=== Task requirements ===
The required output is the line that contains "Some of the text" and every line after it, each written out exactly, up to the end of the entries.

=== Dataset extract ===
[Start of section]
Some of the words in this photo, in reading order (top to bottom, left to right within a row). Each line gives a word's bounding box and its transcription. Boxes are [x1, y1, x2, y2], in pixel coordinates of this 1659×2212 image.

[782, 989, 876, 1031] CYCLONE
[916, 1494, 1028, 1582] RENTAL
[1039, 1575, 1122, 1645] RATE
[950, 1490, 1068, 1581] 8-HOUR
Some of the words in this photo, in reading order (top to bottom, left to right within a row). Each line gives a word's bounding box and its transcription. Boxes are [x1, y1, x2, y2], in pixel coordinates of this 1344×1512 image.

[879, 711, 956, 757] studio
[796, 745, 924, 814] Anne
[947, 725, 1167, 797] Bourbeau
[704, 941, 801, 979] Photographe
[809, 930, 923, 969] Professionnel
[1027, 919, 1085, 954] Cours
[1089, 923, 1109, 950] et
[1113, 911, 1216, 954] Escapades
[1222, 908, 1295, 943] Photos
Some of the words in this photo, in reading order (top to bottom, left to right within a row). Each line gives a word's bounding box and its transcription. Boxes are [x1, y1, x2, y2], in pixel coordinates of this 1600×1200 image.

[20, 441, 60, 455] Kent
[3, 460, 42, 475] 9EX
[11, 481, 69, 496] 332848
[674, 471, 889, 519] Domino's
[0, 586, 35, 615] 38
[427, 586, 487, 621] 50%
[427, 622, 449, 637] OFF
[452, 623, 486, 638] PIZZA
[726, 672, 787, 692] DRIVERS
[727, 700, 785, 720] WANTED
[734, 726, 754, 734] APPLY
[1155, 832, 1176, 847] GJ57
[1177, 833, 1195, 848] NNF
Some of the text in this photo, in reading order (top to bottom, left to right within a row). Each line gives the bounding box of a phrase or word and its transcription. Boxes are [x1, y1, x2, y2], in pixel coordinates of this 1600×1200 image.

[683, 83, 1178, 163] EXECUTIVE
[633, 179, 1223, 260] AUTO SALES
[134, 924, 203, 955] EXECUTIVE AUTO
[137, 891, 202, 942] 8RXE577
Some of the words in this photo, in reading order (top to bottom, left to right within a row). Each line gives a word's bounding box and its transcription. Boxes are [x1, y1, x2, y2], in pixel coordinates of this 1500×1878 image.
[End of section]
=== Result ===
Some of the text in this photo, in reading order (top to bottom, left to right within a row). Each line gives the bounding box of a phrase or word and its transcription. Boxes are [x1, y1, x2, y2], in pixel coordinates of this 1600×1200 image.

[683, 83, 1178, 163] EXECUTIVE
[633, 179, 1223, 260] AUTO SALES
[134, 924, 203, 955] EXECUTIVE AUTO
[137, 891, 202, 942] 8RXE577
Some of the words in this photo, in reading order (top to bottom, left to right within a row). Each line gives a word's bounding box and its transcription. Boxes are [x1, y1, x2, y2], in pixel coordinates of this 1500×1878 image.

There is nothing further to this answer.